The intra-day and inter-day precision and accuracy for erinacine A analyzed are shown in Table 1 and found to be within the acceptable limits (≤15%) [26]. The results of intra-day and inter-day analysis showed linear fits from 5 to 500 ng/mL with the relationship of y = 0.961x + 4.051 (R2 = 0.999) and y = 0.927x + 1.461 (R2 = 0.998), respectively.
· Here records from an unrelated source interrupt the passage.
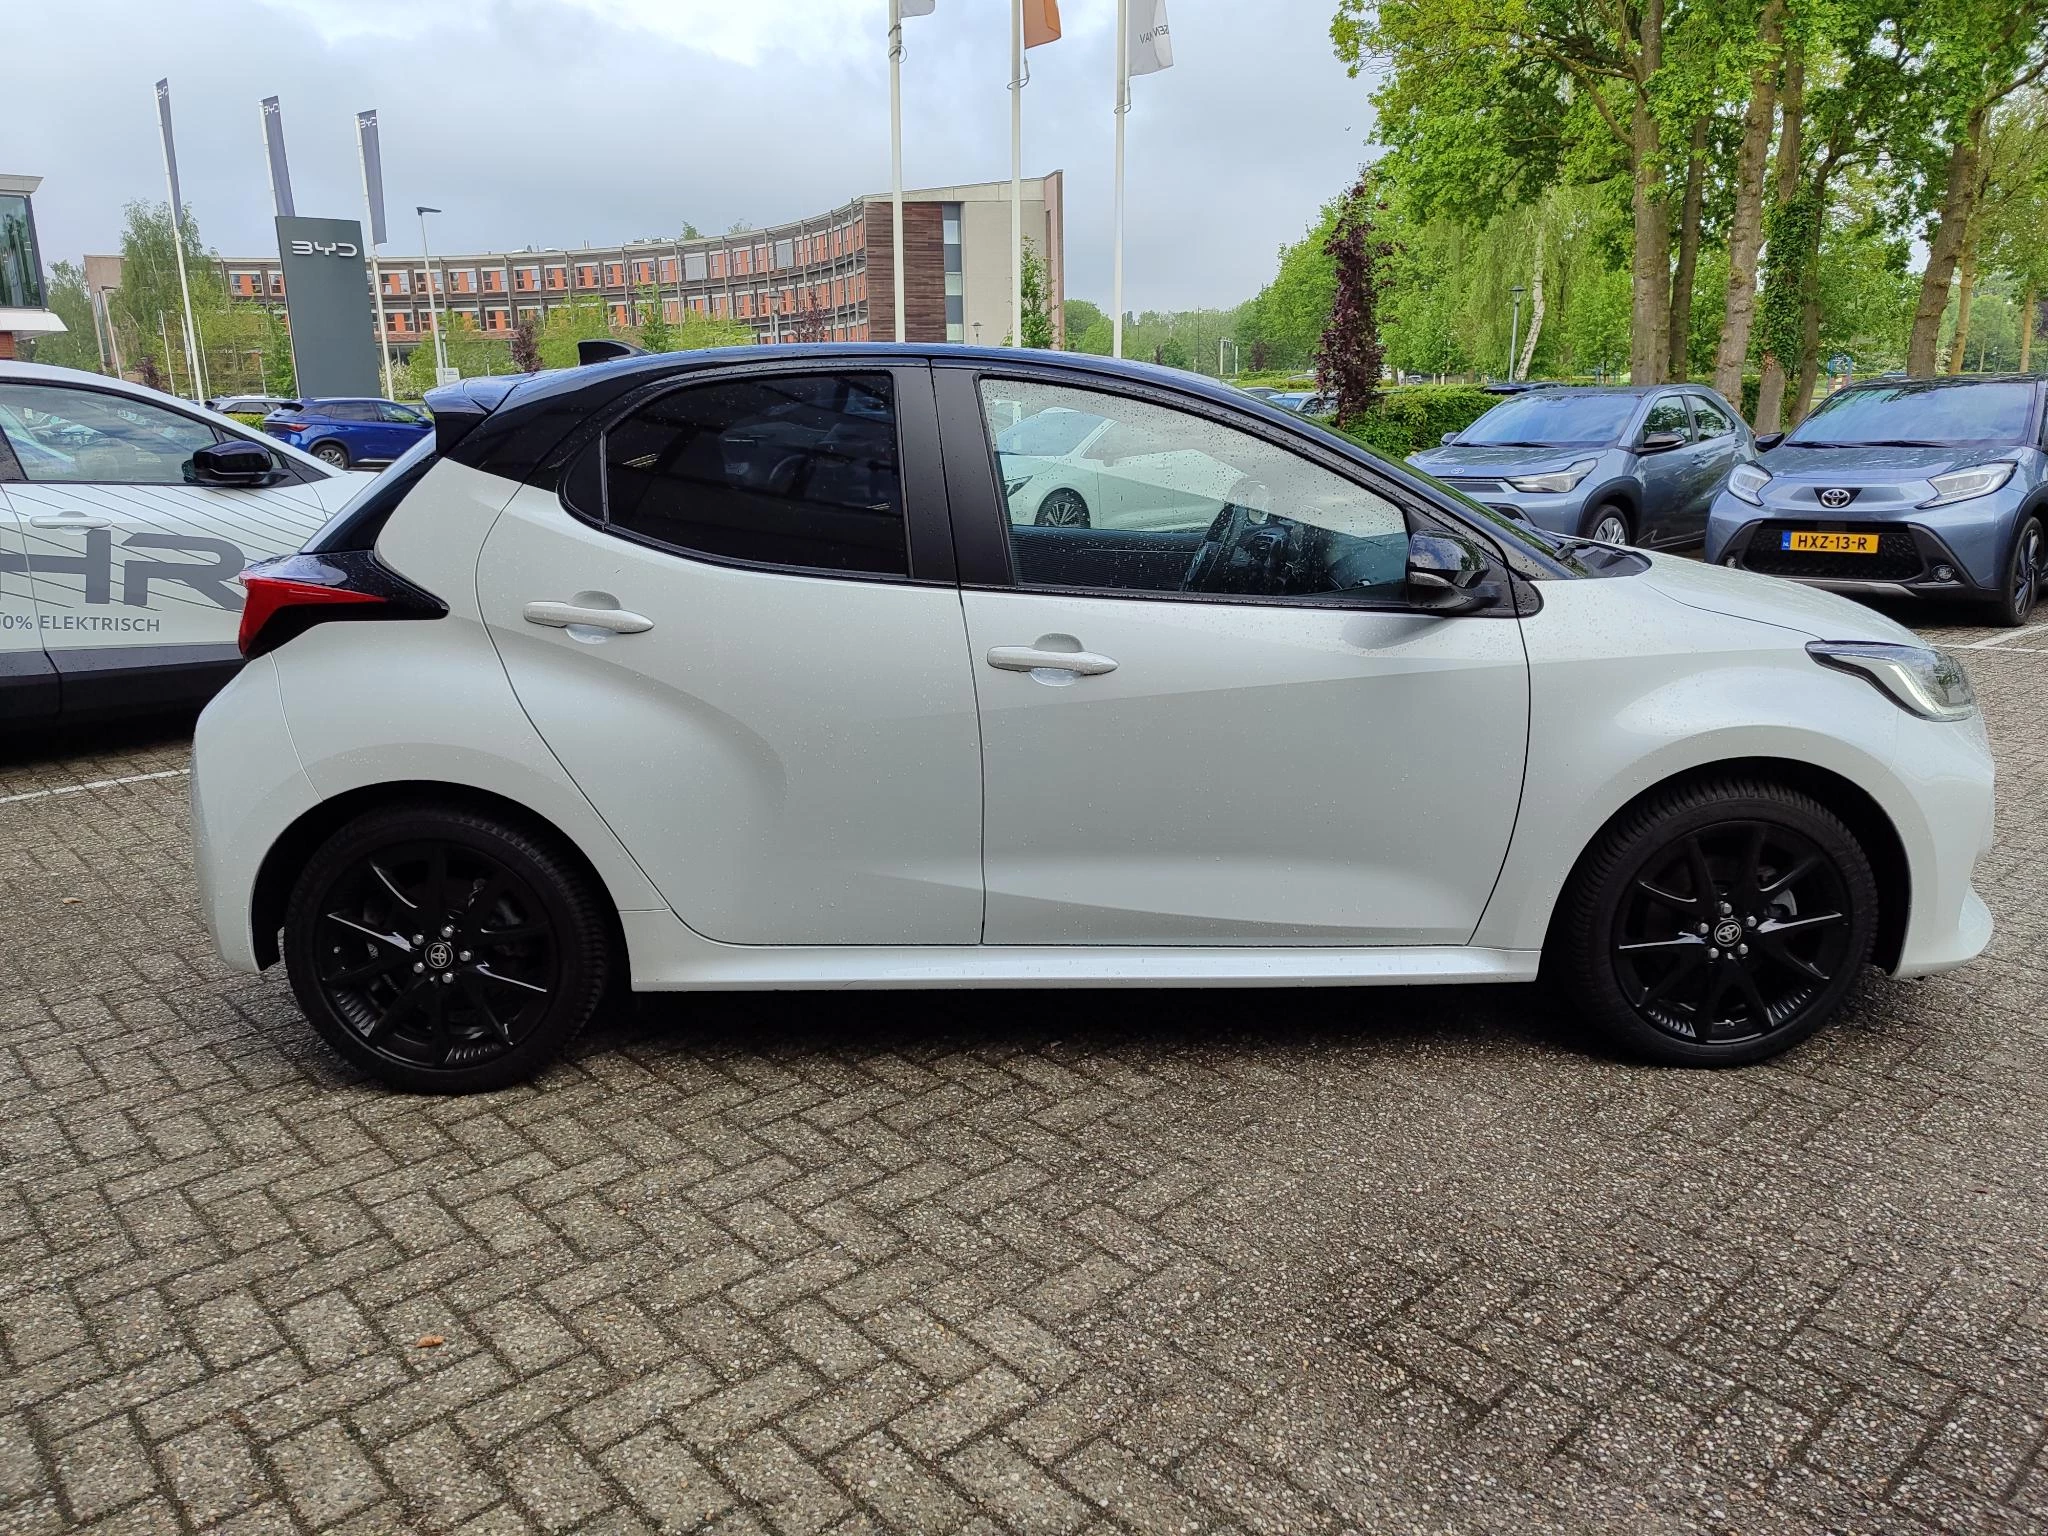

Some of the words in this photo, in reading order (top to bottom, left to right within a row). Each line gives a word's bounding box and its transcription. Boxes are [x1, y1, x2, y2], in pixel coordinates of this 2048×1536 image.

[264, 104, 280, 115] BYD
[359, 116, 377, 129] BYD
[291, 240, 358, 257] BYD
[1797, 534, 1868, 551] HXZ-13-R
[0, 615, 33, 630] 0%
[40, 615, 161, 632] ELEKTRISCH
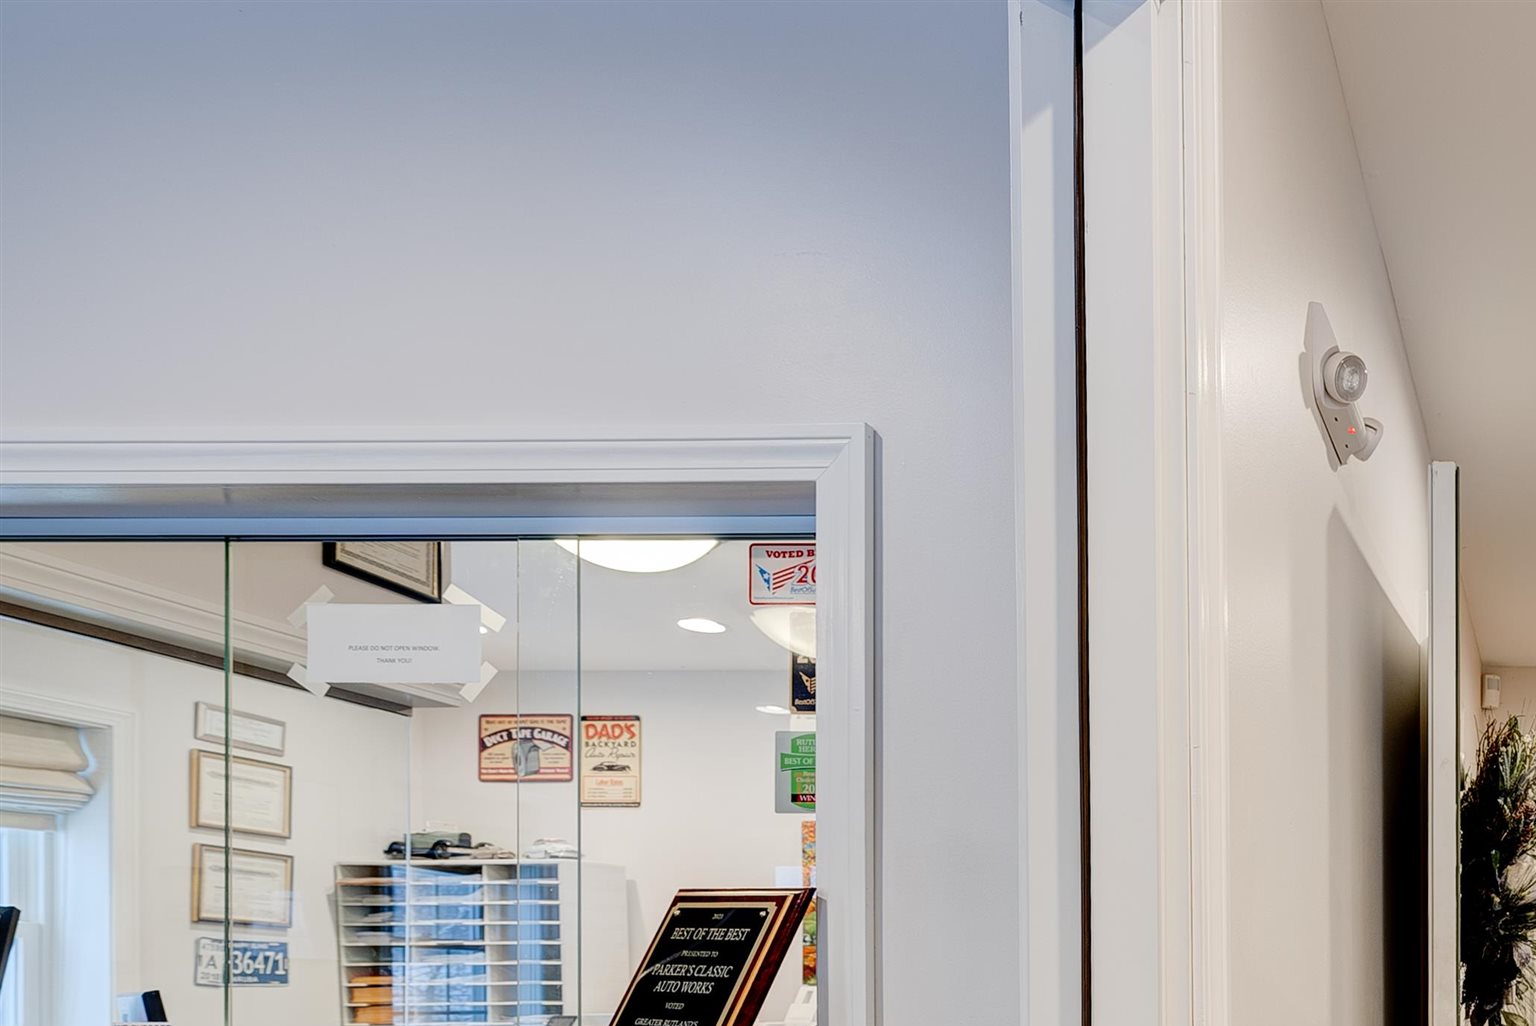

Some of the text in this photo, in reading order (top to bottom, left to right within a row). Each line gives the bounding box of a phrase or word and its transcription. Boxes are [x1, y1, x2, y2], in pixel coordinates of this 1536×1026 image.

[765, 549, 804, 559] VOTED
[584, 722, 637, 741] DAD'S
[584, 740, 637, 748] BACKYARD
[784, 757, 814, 765] BEST OF
[670, 927, 751, 941] BEST OF THE BEST
[680, 950, 719, 958] PRESENTED TO
[651, 963, 734, 978] PARKER'S CLASSIC
[653, 980, 715, 994] AUTO WORKS
[664, 1002, 685, 1010] VOTED
[634, 1017, 662, 1026] GREATER
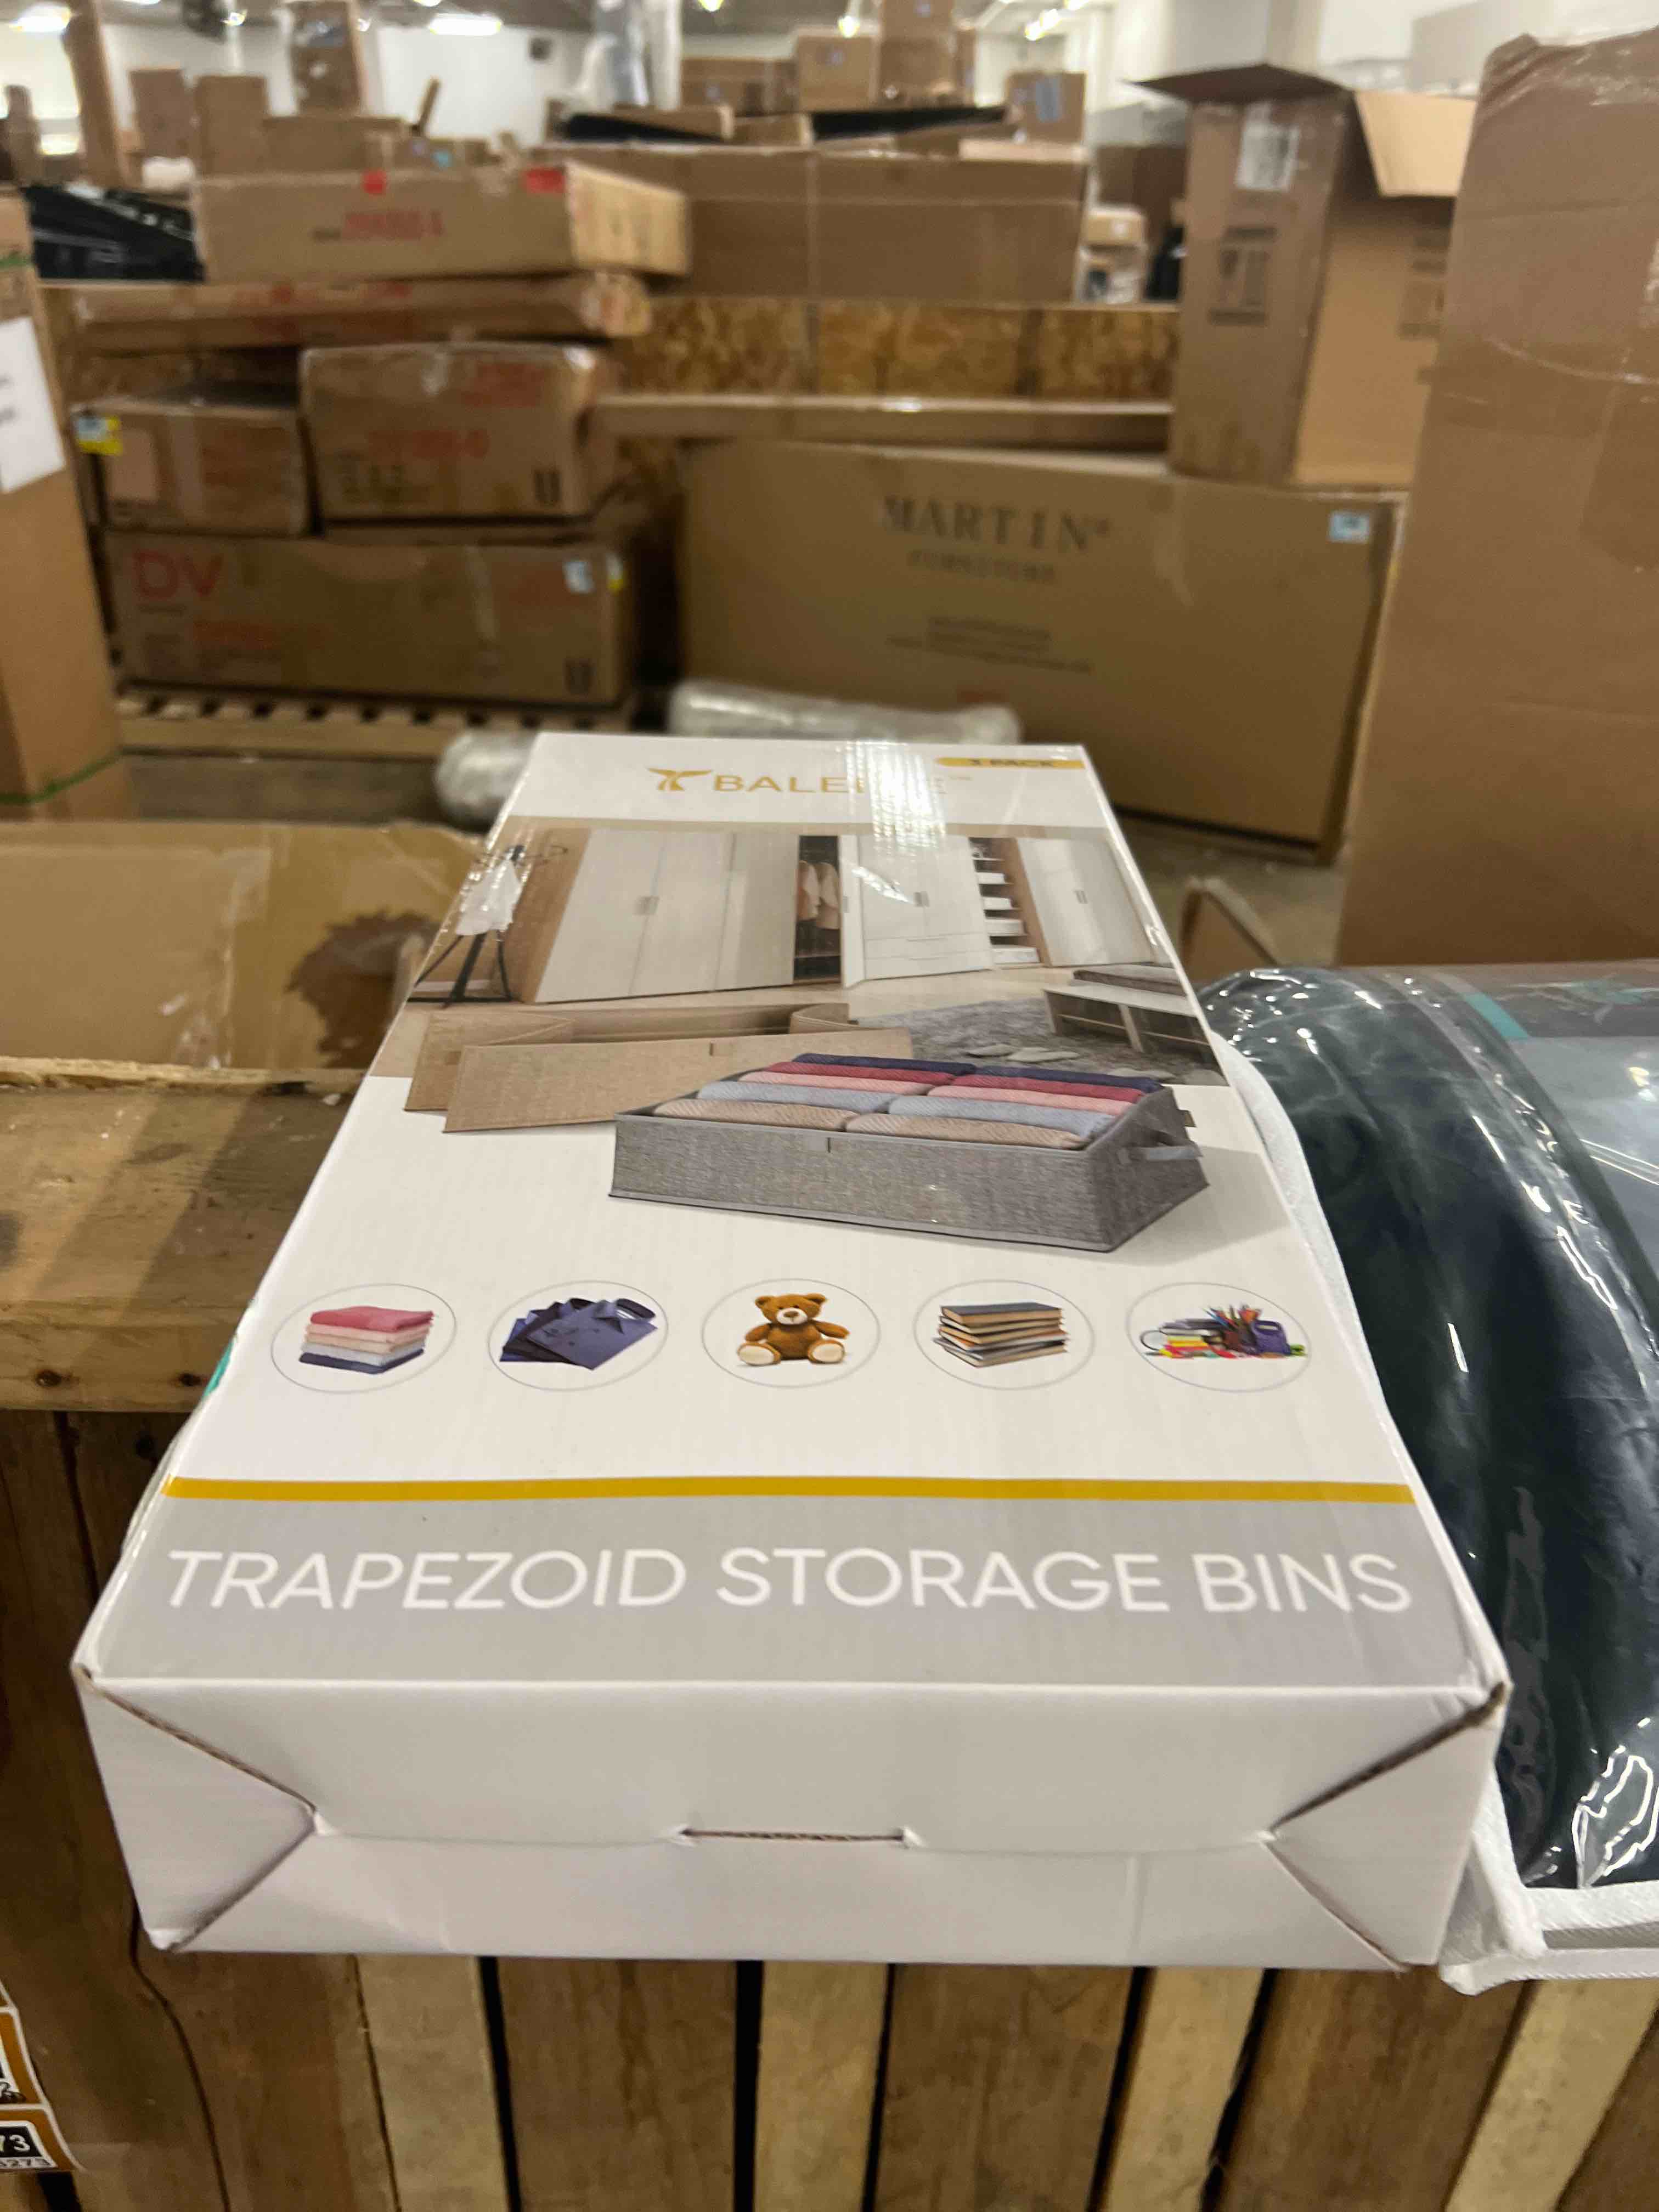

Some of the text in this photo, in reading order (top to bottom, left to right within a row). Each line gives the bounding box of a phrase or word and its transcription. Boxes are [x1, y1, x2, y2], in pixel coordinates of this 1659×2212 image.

According to the results of chromatograms and analysis of precision and accuracy, the assay conditions adopted is adequate and specific to characterize the pharmacokinetics of erinacine A.
Table 1.
Intra-Day | Inter-Day | |||||
---|---|---|---|---|---|---|
Theoretical Conc. | Observed Conc. | Precision | Accuracy | Observed Conc. | Precision | Accuracy |
(ng/mL) | (ng/mL) | (% CV) | (% bias) | (ng/mL) | (% CV) | (% bias) |
5 | 4.27 ± 0.37 | 8.79 | −14.70 | 4.08 ± 0.52 | 9.34 | −9.66 |
10 | 12.85 ± 0.68 | 8.23 | 14.00 | 11.40 ± 0.94 | 4.04 | 10.33 |
20 | 17.48 ± 0.61 | 3.50 | −12.58 | 16.99 ± 0.98 | 5.76 | −15.00 |
50 | 52.55 ± 1.04 | 1.98 | 5.10 | 49.69 ± 1.28 | 2.59 | −0.62 |
100 | 104.50 ± 1.76 | 1.68 | 4.50 | 103.49 ± 12.03 | 11.63 | 3.49 |
200 | 207.83 ± 2.40 | 1.16 | 3.92 | 178.67 ± 9.19 | 5.14 | −10.67 |
500 | 479.17 ± 8.84 | 1.85 | −4.17 | 466.33 ± 31.11 | 6.67 | −6.73 |
Data expressed as means ± SD (n = 6). CV (%) = (standard deviation/mean) × 100%. bias (%) = [(measured concentration − theoretical concentration)/theoretical concentration] × 100%.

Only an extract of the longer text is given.